__WHAT TO WORK ON__
Nothing but the lines from the line with "this 1659×2212 image." to the end of the records below should appear in the answer, each exactly as given.

__INFORMATION SHOWN__

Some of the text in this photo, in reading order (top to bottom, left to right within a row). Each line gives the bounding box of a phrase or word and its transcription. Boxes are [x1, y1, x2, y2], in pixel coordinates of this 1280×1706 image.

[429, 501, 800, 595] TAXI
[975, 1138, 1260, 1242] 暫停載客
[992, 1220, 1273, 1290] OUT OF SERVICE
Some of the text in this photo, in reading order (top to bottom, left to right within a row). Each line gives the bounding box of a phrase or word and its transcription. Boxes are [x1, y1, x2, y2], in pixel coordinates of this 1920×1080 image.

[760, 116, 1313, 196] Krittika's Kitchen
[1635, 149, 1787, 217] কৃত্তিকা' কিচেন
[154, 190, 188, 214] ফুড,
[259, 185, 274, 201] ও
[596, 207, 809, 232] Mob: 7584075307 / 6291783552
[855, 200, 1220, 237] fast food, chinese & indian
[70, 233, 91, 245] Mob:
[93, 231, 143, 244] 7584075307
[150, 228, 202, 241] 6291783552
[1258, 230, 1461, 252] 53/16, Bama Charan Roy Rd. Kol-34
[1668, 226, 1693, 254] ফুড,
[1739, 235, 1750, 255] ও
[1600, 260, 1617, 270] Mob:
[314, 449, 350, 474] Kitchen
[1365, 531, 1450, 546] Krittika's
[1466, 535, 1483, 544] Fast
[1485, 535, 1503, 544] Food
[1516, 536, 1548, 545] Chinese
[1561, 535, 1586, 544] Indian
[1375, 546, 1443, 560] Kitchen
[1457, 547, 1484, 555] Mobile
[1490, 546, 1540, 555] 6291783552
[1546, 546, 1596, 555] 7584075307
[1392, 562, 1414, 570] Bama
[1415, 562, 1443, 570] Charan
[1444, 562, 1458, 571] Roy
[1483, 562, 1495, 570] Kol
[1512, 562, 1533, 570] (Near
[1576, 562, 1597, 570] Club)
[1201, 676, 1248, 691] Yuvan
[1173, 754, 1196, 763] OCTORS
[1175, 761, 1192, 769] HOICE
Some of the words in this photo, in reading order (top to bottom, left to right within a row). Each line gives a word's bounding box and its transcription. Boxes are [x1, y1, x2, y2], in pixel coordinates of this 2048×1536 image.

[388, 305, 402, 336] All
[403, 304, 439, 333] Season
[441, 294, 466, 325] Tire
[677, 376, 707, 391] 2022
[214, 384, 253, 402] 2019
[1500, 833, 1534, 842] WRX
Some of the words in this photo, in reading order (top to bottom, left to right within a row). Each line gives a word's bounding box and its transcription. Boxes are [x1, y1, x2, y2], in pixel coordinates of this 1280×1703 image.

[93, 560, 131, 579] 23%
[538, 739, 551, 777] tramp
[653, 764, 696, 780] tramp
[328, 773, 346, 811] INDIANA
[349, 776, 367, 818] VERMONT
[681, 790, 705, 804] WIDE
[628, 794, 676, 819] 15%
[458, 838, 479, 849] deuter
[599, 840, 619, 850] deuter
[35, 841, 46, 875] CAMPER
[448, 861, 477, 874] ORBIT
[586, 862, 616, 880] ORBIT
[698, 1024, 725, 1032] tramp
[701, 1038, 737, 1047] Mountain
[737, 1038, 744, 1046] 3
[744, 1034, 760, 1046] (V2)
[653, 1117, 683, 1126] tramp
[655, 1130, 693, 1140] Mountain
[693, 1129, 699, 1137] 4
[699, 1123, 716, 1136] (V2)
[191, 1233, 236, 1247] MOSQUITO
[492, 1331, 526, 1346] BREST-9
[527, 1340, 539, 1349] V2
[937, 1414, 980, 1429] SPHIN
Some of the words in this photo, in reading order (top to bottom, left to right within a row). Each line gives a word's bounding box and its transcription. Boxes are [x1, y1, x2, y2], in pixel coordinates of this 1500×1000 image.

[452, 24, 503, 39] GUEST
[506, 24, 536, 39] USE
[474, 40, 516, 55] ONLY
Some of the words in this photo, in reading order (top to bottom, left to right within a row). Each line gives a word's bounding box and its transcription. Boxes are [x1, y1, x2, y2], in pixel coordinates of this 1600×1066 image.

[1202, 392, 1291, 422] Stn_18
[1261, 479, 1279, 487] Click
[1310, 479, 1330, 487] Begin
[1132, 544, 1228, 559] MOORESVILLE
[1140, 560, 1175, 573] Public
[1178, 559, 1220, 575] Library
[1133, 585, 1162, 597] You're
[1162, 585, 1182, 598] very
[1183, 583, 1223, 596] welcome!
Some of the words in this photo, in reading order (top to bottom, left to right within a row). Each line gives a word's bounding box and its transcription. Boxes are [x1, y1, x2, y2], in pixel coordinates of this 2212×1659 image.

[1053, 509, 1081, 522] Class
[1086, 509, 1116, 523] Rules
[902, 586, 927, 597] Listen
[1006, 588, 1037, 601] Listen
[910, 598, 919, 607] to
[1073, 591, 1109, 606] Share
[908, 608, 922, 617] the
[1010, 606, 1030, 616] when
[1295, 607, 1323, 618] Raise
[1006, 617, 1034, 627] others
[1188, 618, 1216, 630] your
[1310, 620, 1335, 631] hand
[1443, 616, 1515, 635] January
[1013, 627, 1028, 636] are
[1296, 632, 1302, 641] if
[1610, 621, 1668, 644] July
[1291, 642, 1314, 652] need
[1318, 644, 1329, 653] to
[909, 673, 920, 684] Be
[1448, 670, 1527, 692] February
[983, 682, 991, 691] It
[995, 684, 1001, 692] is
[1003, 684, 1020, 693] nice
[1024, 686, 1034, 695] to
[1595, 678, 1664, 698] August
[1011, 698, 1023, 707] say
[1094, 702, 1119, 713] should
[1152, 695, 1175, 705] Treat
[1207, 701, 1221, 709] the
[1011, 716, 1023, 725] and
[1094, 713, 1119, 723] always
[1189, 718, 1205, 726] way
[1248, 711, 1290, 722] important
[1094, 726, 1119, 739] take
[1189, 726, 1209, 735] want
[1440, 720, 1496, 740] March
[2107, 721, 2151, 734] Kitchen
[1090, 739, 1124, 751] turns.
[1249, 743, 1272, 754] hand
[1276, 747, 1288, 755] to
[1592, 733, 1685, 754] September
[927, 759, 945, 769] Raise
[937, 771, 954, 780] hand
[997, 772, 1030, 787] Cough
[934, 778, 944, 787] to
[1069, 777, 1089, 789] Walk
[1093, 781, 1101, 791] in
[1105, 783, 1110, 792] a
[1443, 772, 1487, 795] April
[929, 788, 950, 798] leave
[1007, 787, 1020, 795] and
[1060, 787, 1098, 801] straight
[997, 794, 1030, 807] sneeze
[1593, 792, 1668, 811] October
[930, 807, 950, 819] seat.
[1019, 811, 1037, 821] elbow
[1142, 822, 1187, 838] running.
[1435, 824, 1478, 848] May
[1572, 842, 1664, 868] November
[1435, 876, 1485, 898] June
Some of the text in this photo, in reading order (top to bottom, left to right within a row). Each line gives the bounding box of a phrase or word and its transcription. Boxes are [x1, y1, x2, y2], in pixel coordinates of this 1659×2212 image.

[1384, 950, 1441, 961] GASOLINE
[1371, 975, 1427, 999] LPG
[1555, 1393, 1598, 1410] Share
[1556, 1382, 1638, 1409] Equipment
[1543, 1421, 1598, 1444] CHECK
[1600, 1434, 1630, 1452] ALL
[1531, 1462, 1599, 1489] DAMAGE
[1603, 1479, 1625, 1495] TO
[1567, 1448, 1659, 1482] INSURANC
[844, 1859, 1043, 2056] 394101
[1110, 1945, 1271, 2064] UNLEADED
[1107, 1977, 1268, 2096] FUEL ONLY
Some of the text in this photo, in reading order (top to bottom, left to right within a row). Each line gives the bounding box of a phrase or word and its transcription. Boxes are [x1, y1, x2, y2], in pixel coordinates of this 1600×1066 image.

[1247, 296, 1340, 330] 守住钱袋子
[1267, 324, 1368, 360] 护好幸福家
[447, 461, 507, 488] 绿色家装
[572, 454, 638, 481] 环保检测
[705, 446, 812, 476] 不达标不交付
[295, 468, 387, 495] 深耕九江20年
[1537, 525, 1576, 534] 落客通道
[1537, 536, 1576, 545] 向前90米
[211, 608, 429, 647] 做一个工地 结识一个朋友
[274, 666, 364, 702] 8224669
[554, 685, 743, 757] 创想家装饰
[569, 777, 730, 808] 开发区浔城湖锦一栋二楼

__RESPONSE BELOW__
Some of the text in this photo, in reading order (top to bottom, left to right within a row). Each line gives the bounding box of a phrase or word and its transcription. Boxes are [x1, y1, x2, y2], in pixel coordinates of this 1659×2212 image.

[1384, 950, 1441, 961] GASOLINE
[1371, 975, 1427, 999] LPG
[1555, 1393, 1598, 1410] Share
[1556, 1382, 1638, 1409] Equipment
[1543, 1421, 1598, 1444] CHECK
[1600, 1434, 1630, 1452] ALL
[1531, 1462, 1599, 1489] DAMAGE
[1603, 1479, 1625, 1495] TO
[1567, 1448, 1659, 1482] INSURANC
[844, 1859, 1043, 2056] 394101
[1110, 1945, 1271, 2064] UNLEADED
[1107, 1977, 1268, 2096] FUEL ONLY
Some of the text in this photo, in reading order (top to bottom, left to right within a row). Each line gives the bounding box of a phrase or word and its transcription. Boxes are [x1, y1, x2, y2], in pixel coordinates of this 1600×1066 image.

[1247, 296, 1340, 330] 守住钱袋子
[1267, 324, 1368, 360] 护好幸福家
[447, 461, 507, 488] 绿色家装
[572, 454, 638, 481] 环保检测
[705, 446, 812, 476] 不达标不交付
[295, 468, 387, 495] 深耕九江20年
[1537, 525, 1576, 534] 落客通道
[1537, 536, 1576, 545] 向前90米
[211, 608, 429, 647] 做一个工地 结识一个朋友
[274, 666, 364, 702] 8224669
[554, 685, 743, 757] 创想家装饰
[569, 777, 730, 808] 开发区浔城湖锦一栋二楼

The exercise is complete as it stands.